SUPPLIED INFORMATION:
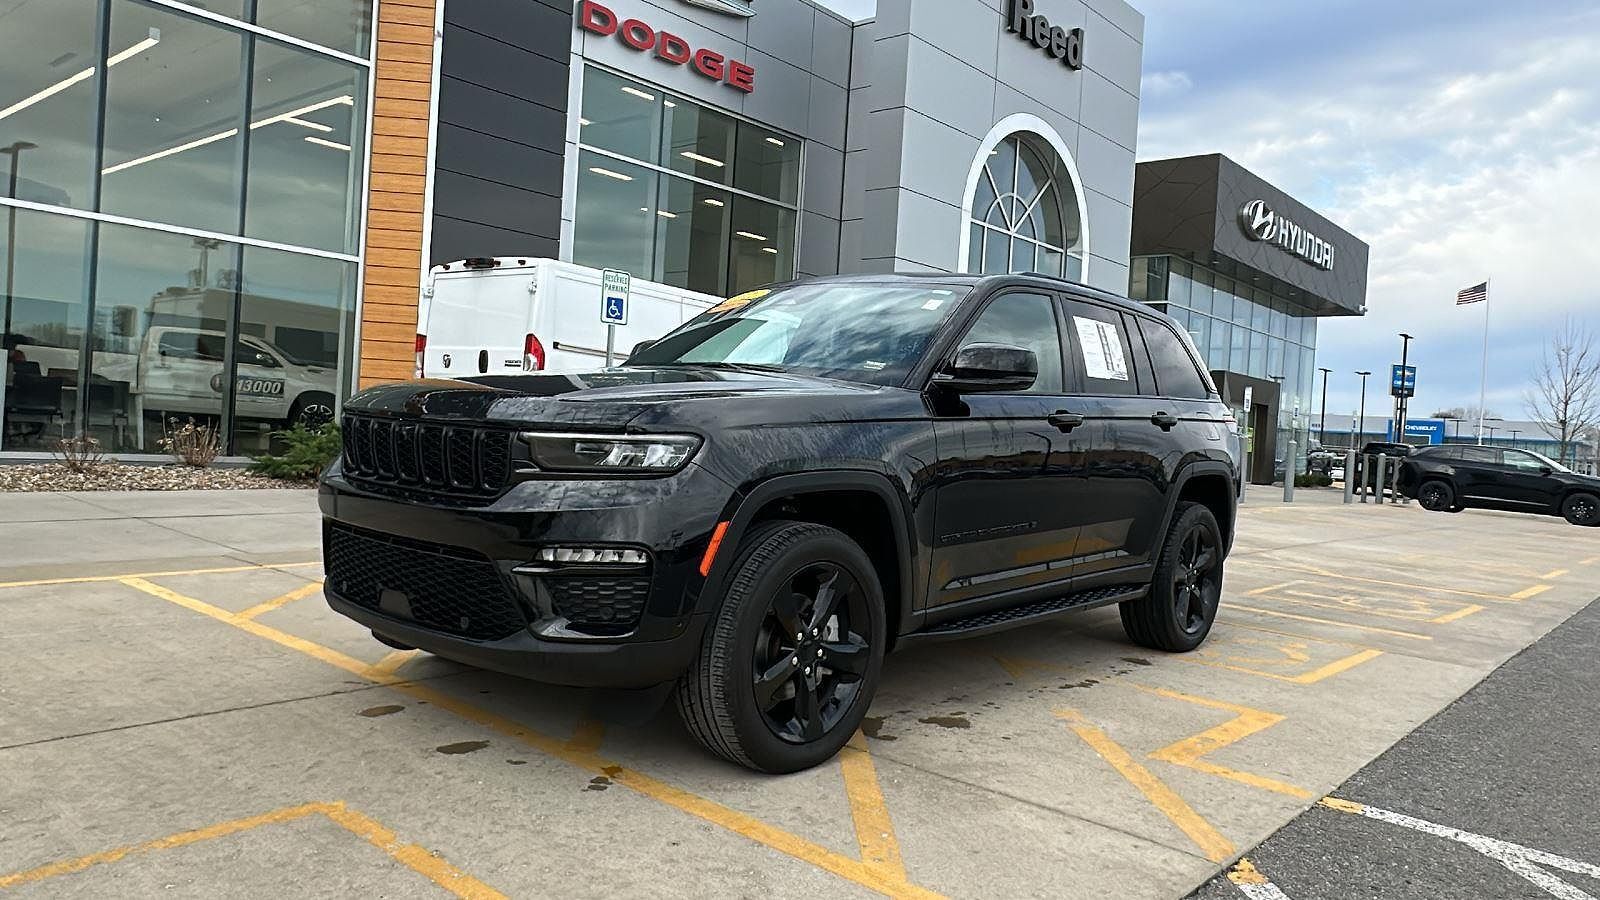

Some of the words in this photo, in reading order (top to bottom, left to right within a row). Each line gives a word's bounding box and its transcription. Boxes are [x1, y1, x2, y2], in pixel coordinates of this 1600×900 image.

[579, 0, 755, 93] DODGE
[1008, 0, 1083, 70] Reed
[1278, 216, 1335, 270] HYUNDAI
[604, 283, 628, 294] PARKING

TASK ITEM: The required output is the listing above reproduced exactly, pictures removed.

TASK OUTPUT:
Some of the words in this photo, in reading order (top to bottom, left to right within a row). Each line gives a word's bounding box and its transcription. Boxes are [x1, y1, x2, y2], in pixel coordinates of this 1600×900 image.

[579, 0, 755, 93] DODGE
[1008, 0, 1083, 70] Reed
[1278, 216, 1335, 270] HYUNDAI
[604, 283, 628, 294] PARKING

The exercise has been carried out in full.